Nigeria President Muhammadu Buhari (right) and Vice President Yemi Osinbajo during the inauguration of the Committee on Repatriation, Return and Resettlement of Internally Displaced Persons in the North East at the Federal Executive Council meeting in Abuja….

Nigeria has removed the limit on attendance for social gatherings and the curfew on midnight movements it announced two years ago to curb the spread of COVID-19.

The Presidential Steering Committee (PSC) on COVID-19 set up by the government in early 2020 announced a review of the country’s response to the pandemic in a statement.

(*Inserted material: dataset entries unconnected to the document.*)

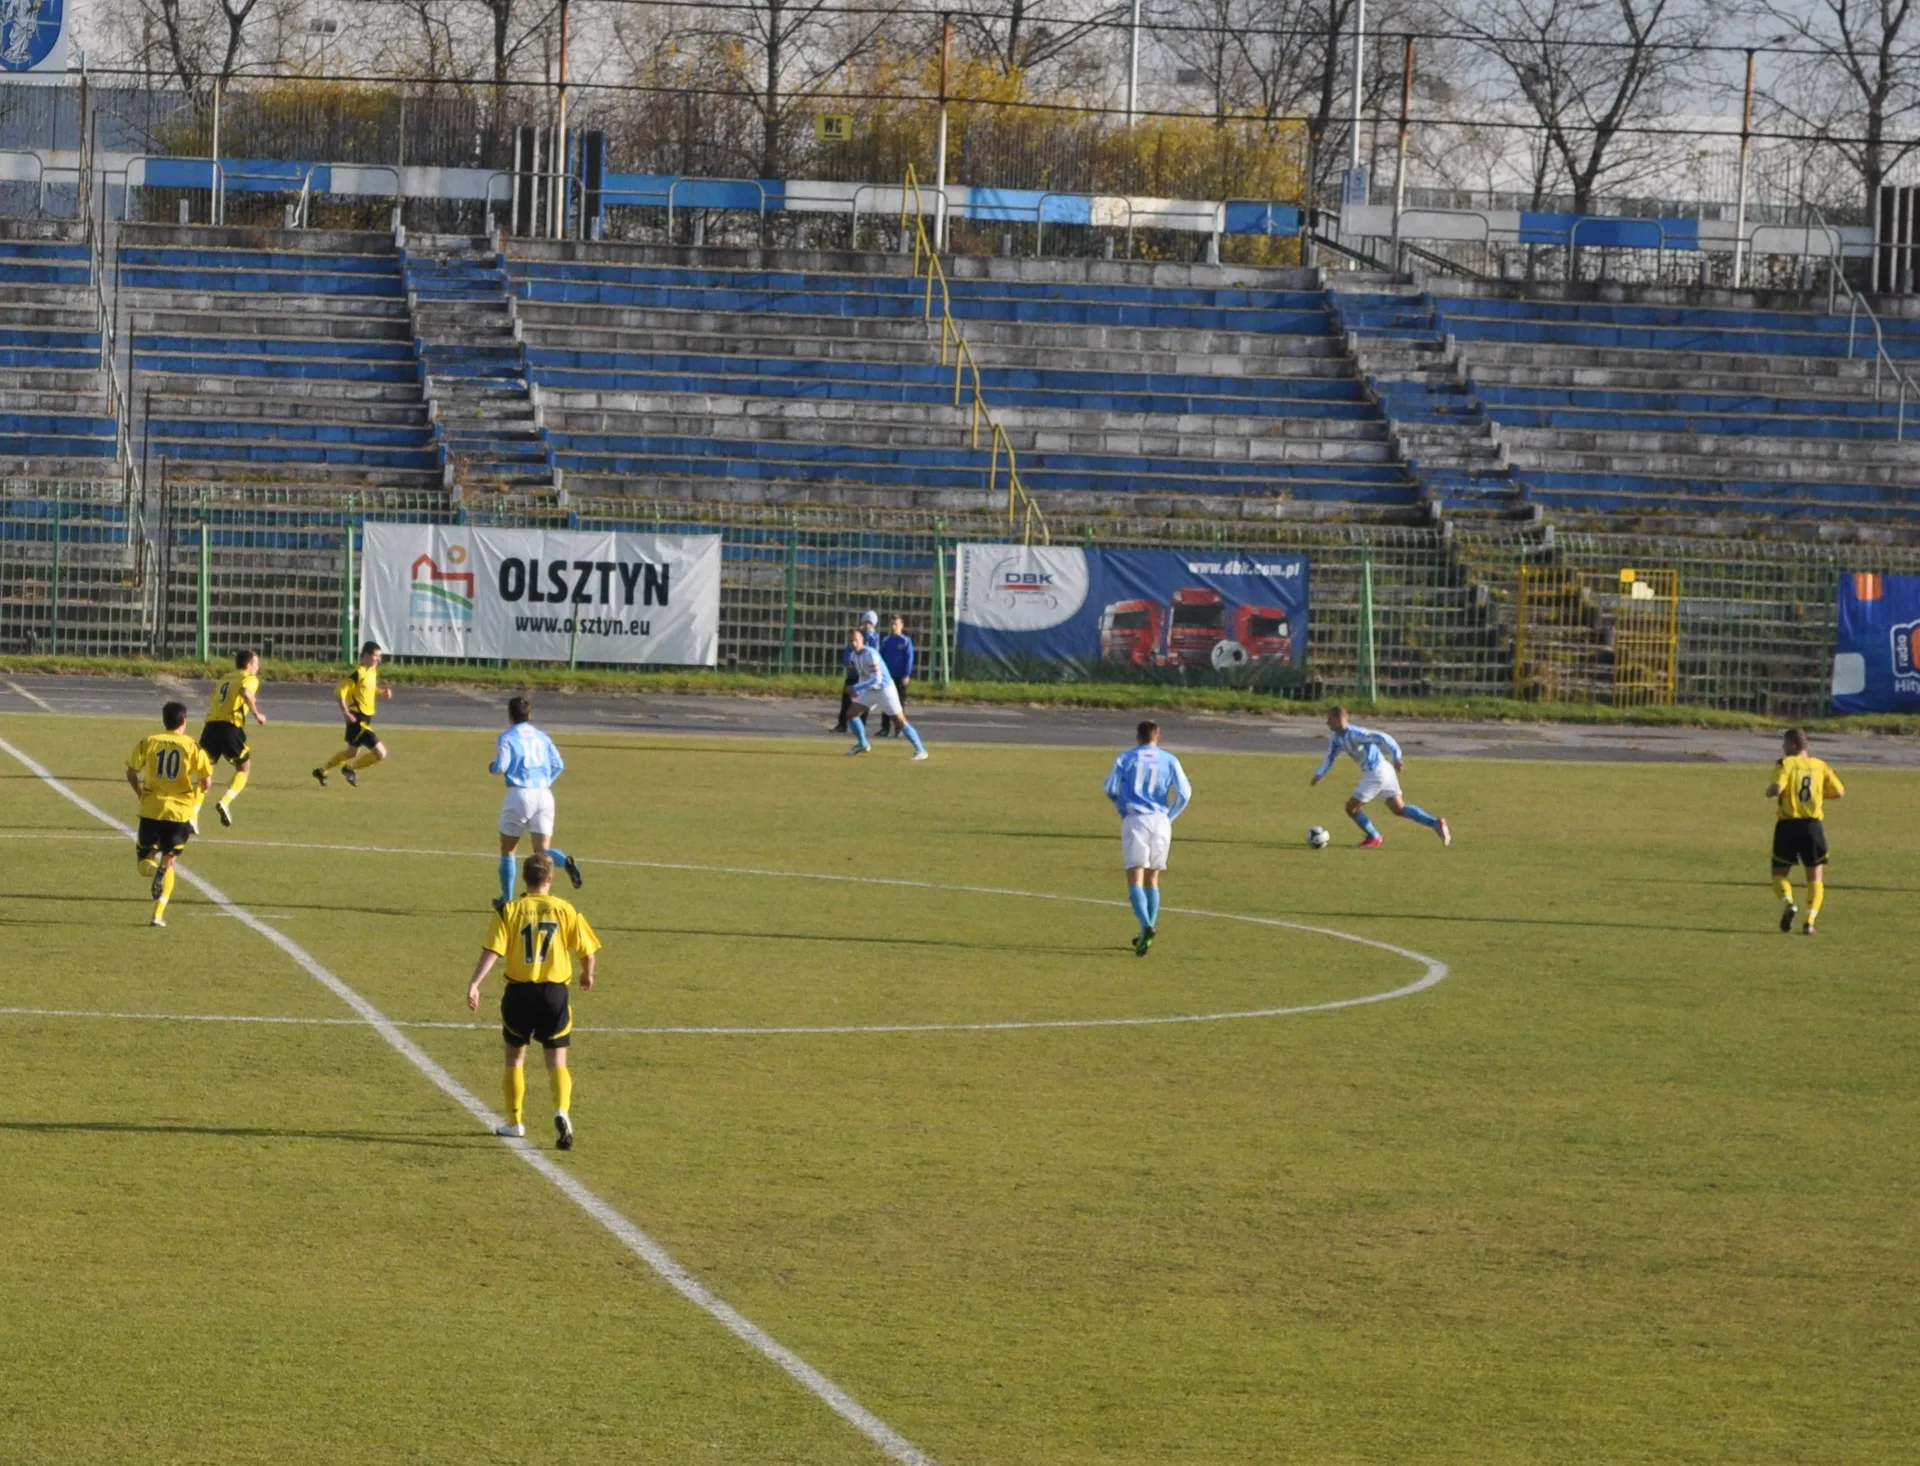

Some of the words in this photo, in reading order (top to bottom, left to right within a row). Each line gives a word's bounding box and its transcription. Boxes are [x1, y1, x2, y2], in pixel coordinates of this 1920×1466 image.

[500, 557, 670, 606] OLSZTYN
[1005, 572, 1054, 585] DBK
[1188, 560, 1300, 579] www.dbk.com.pl
[515, 616, 650, 637] www.osztyn.eu
[155, 748, 181, 780] 10
[519, 738, 545, 768] 10
[1798, 775, 1812, 803] 8
[520, 922, 558, 964] 17
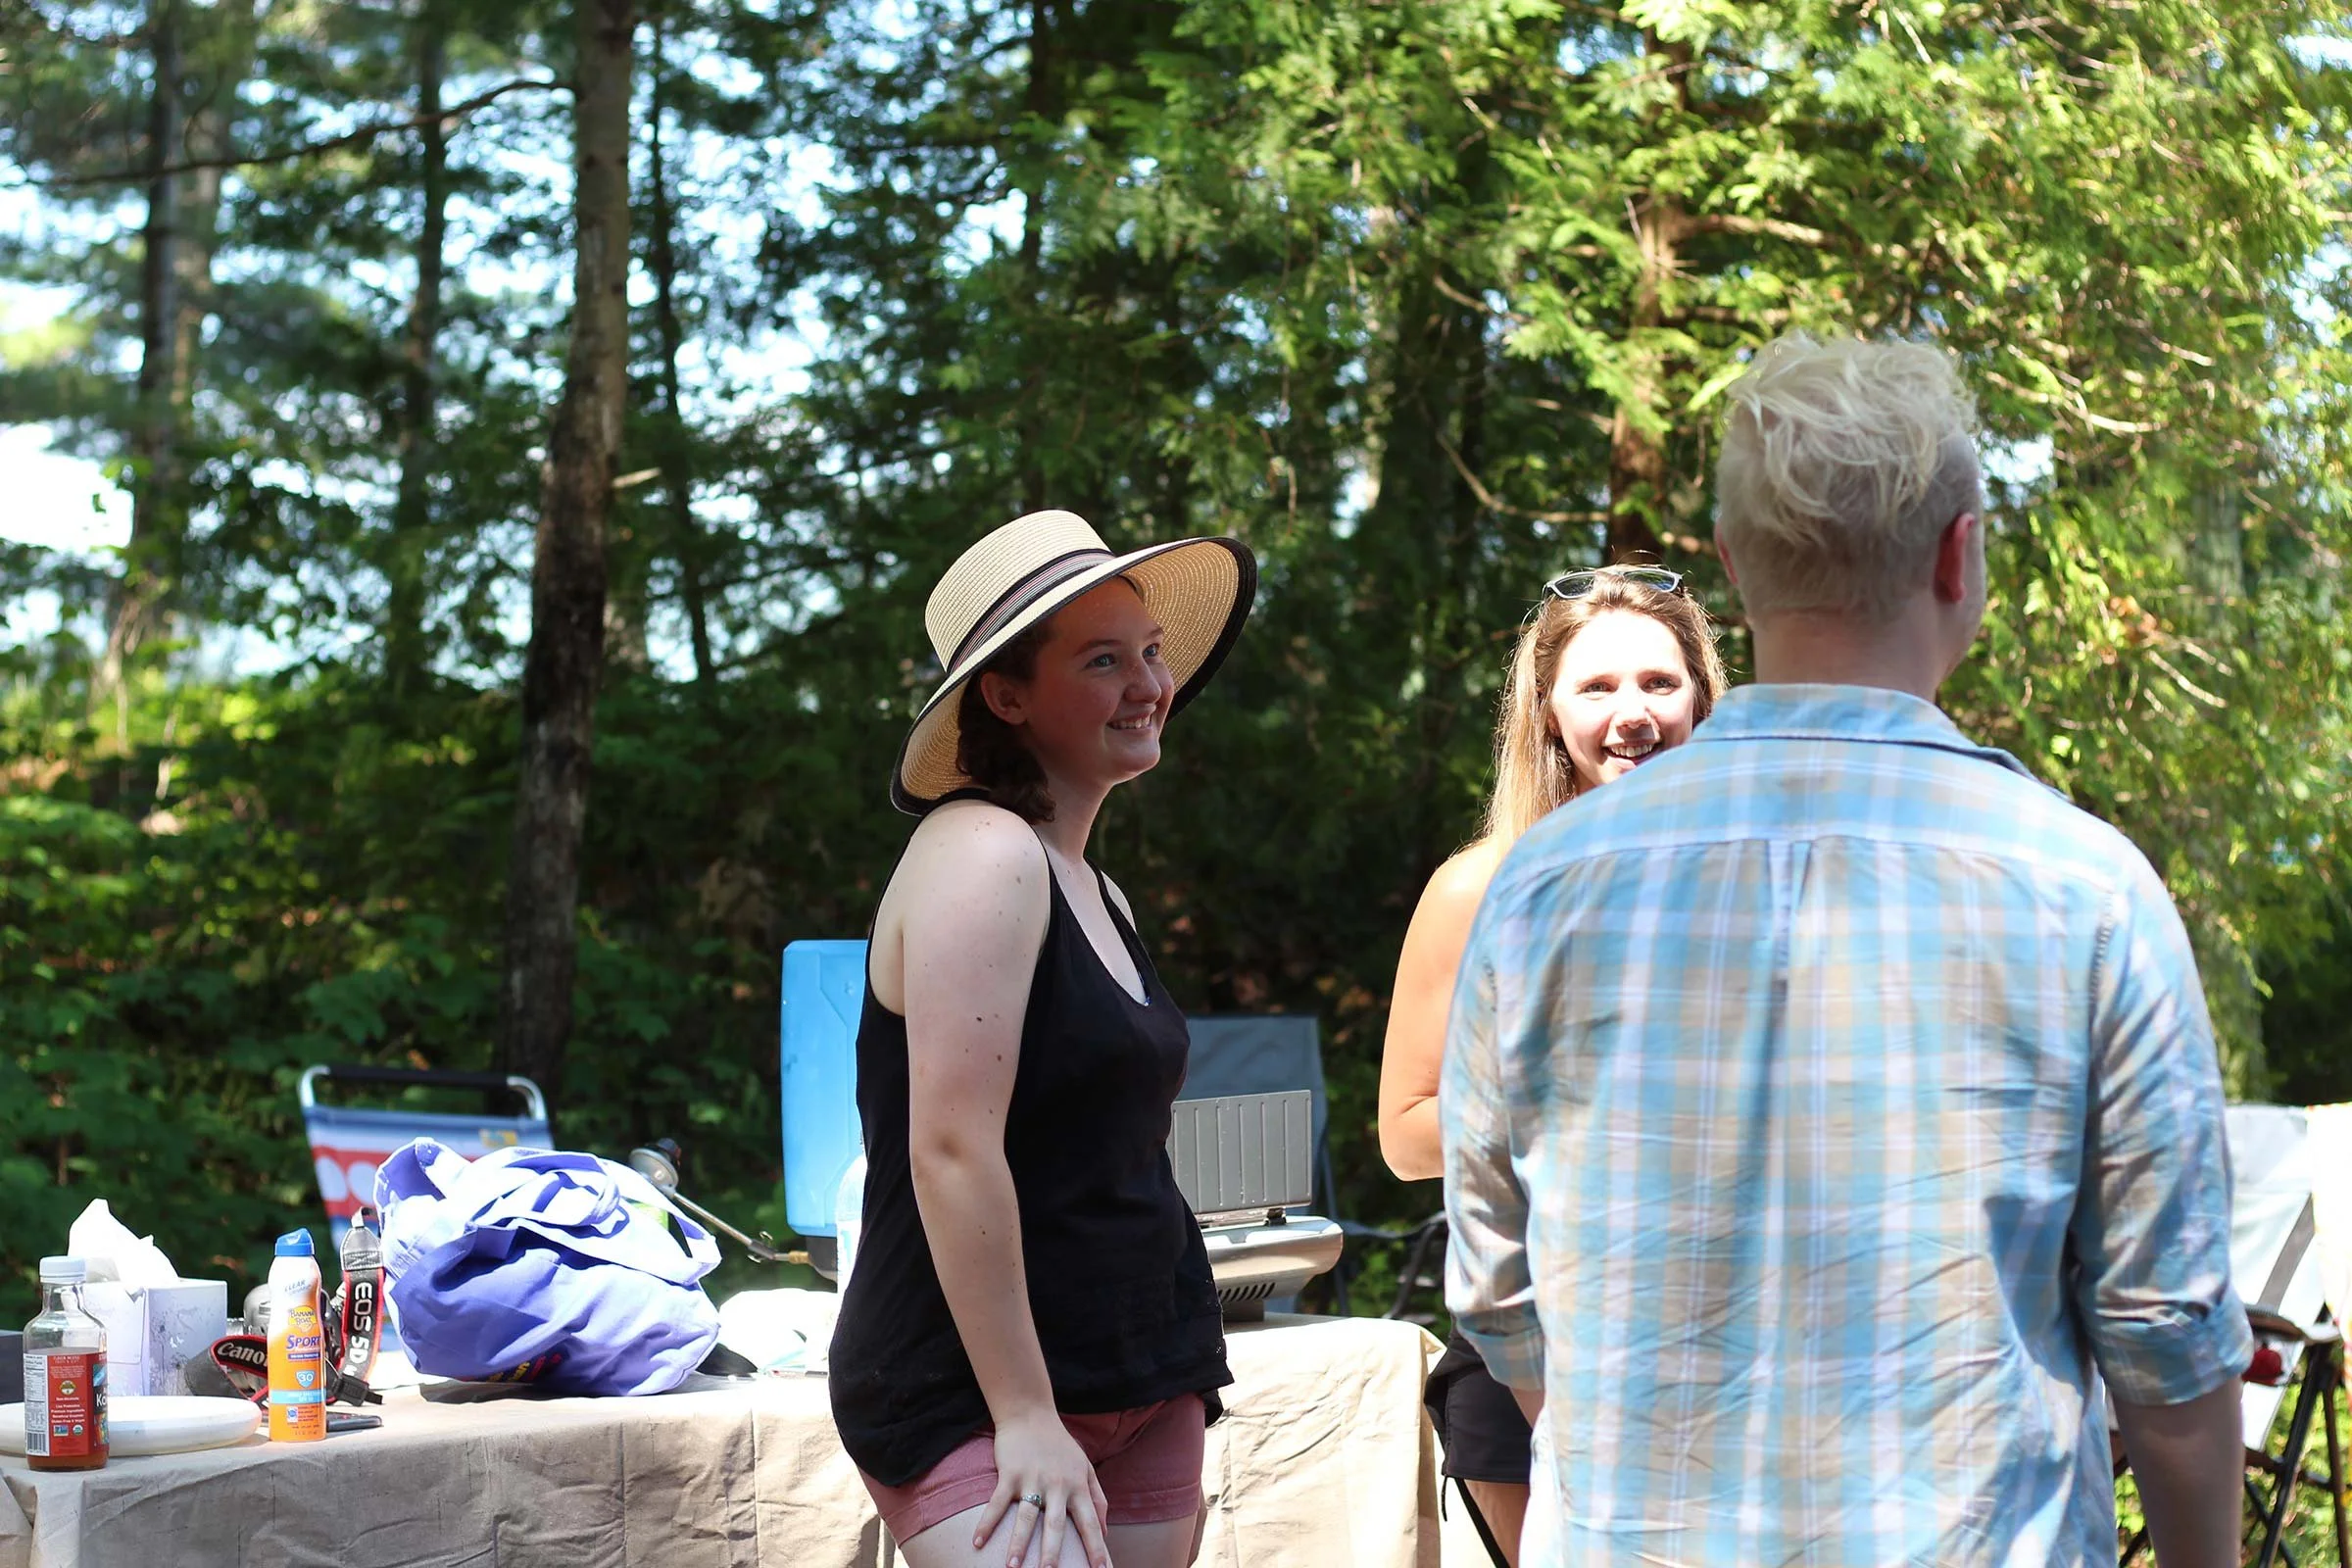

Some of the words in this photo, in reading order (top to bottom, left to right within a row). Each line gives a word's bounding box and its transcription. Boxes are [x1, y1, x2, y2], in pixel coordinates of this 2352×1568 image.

Consequently, there are no more formal restrictions on movement within the country as the nationwide curfew imposed from 12 midnight to 4 am has been lifted.

PSC said the social restriction recommendations were revised in line with the three established thematic areas – movement, industry and labour, as well as community activities.

The government explained that the decision followed the reduced risk of importation of new variants and the availability of vaccines and the increasing number of people vaccinated in Nigeria and globally.

It stated that the safety protocols provide a baseline from which state governments could further build to strengthen their responses based on their local circumstances.

The PSC, however, advised states to “continue to consider them as the minimum guidelines required to ensure an acceptable level of epidemic control nationwide.”

It added that the advisory limiting Nigerians to essential travels only has been lifted, although citizens need to refrain from non-essential movement and comply with non-pharmaceutical interventions guidelines such as the mandatory use of face mask or facial coverings in public, given the risks involved.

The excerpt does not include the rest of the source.